Grounds for Disbarment or Suspension:

1.)Deceit;
2.)Malpractice or other gross misconduct in office;
3.)Grossly immoral conduct;
Grossly immoral is jurisprudentially defined as an act that is so corrupt to institute an
offense. An act committed under scandalous manner as to shock common sense of
normal person or decency. It is willful, flagrant and shameless to show moral
indifferences.
4.)Conviction of a crime involving moral turpitude;
5.)Violation of oath of office or of the Lawyers Oath;
6.)Willful disobedience of any lawful order of a superior court;
7.) Corrupt or willful appearance as attorney for a party to case without authority
to do so (Sec. 27, Rule 138, RRC)

Procedure for Disbarment

***A complaint for disbarment may be filled directly to the SC, the IBP National Office or
in any IBP Chapter Offices in the country.

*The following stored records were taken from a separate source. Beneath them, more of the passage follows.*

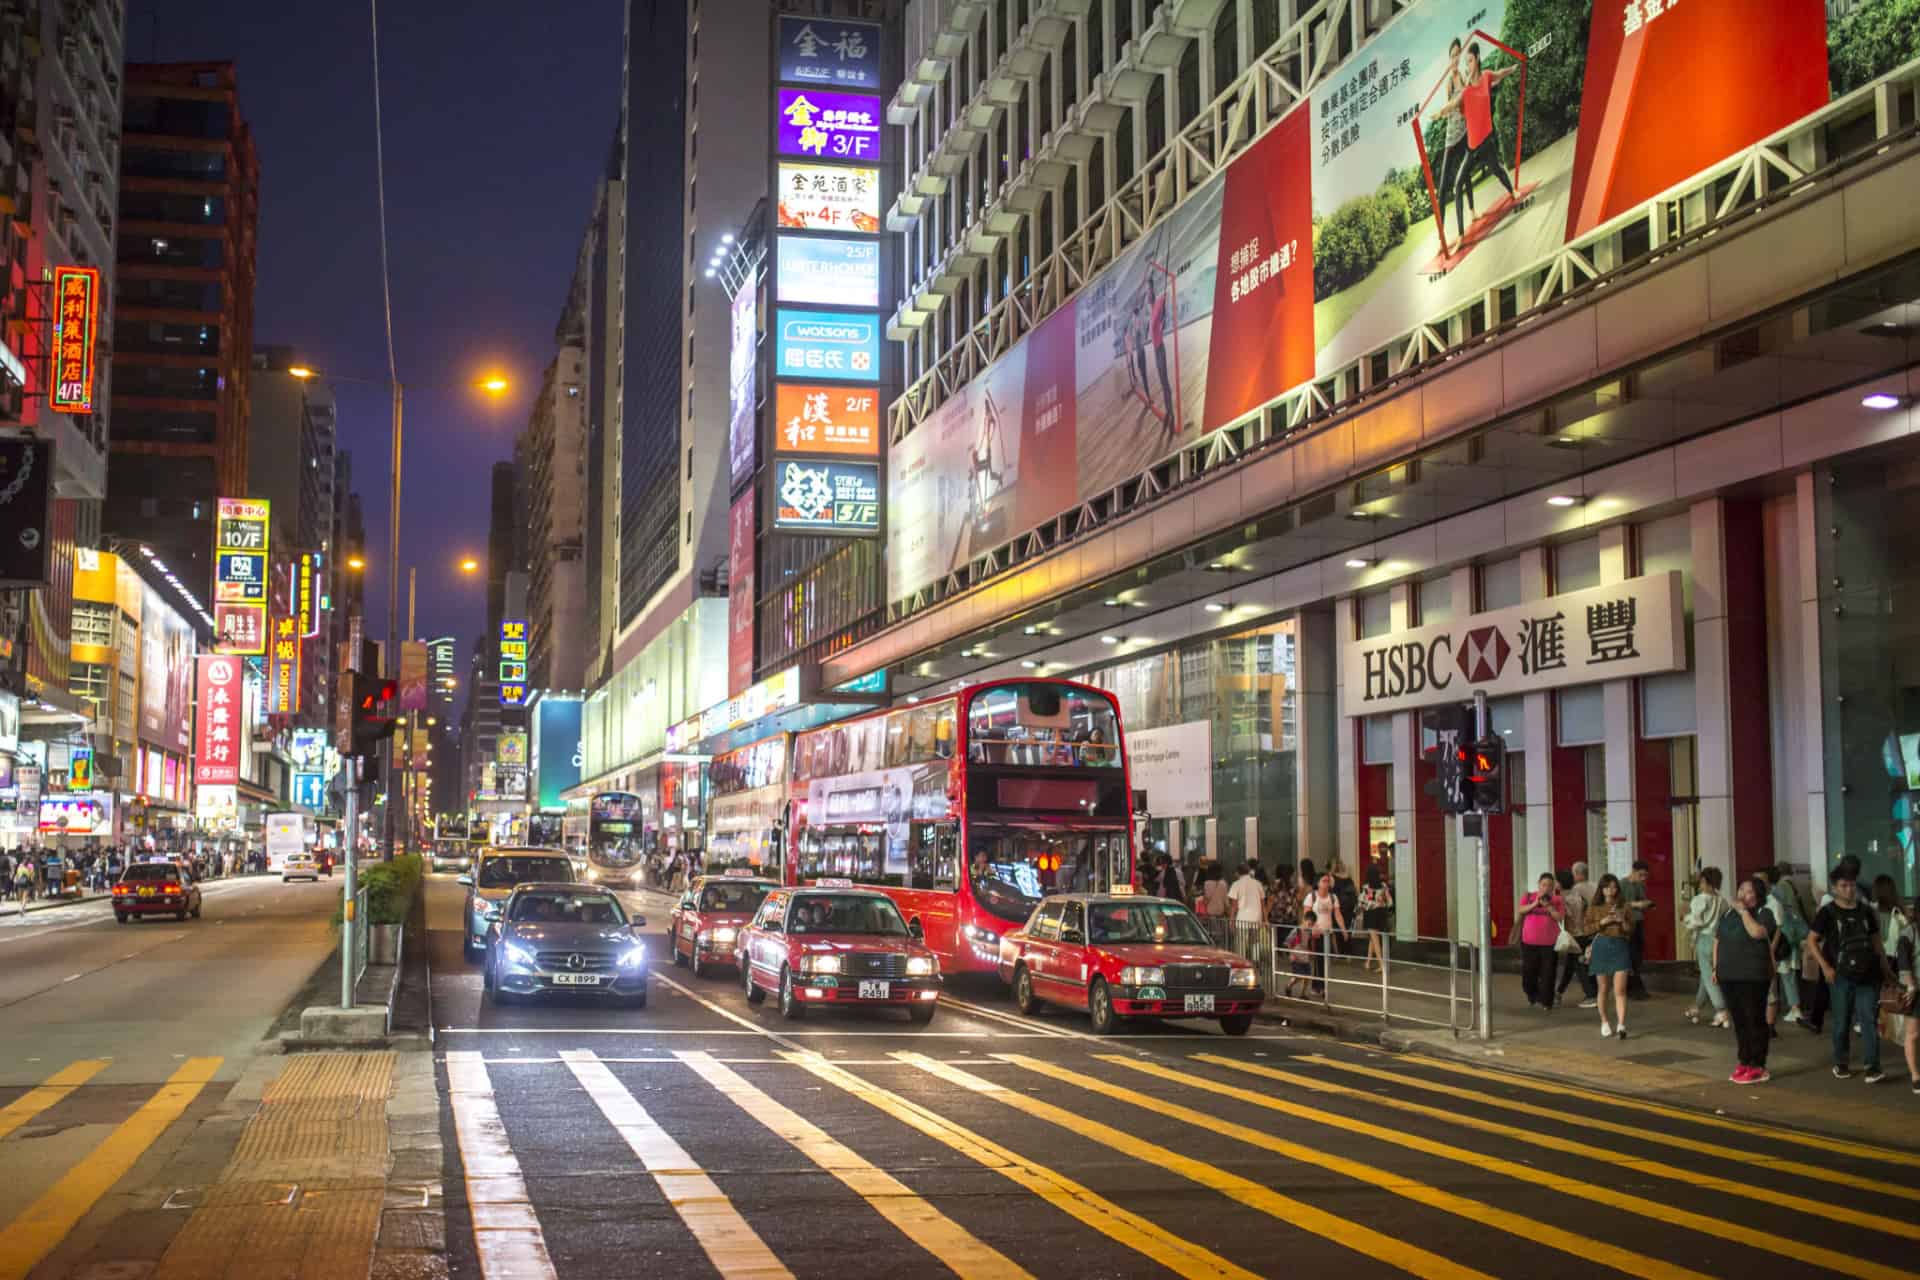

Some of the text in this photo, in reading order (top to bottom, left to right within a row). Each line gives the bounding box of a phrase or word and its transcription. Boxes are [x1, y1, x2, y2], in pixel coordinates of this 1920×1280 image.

[1624, 0, 1680, 37] 基金
[833, 134, 871, 155] 3/F
[818, 206, 842, 225] 4F
[796, 325, 860, 340] watsons
[58, 382, 82, 401] 4/F
[846, 396, 873, 413] 2/F
[224, 531, 262, 547] 10/F
[1362, 633, 1453, 701] HSBC
[574, 974, 595, 983] 1899

1.) Institution either by:


2.) the Supreme Court, motu proprio, or
3.) the IBP, motu proprio, or
4.) upon verified complaint by any person
5.) Six copies of the verified complaint shall be filed with the Secretary of the IBP or
Secretary of any of its chapter and shall be forwarded to the IBP Board of Governors.
6.) Investigation by the National Grievance Investigators.
7.) Submission of investigative report to the IBP Board of Governors.
8.) Board of Governors decides within 30 days. There is a need of Formal voting. A Vote of
at least 5 members of the Board is needed.
9.) Investigation by the Solicitor-General
10.) SC renders final decision for disbarment/suspension/dismissal.

***Quantum of Proof Required: CLEARLY PREPONDERANT evidence.

***Burden of Proof: Rests on the COMPLAINANT, the one who instituted the suit.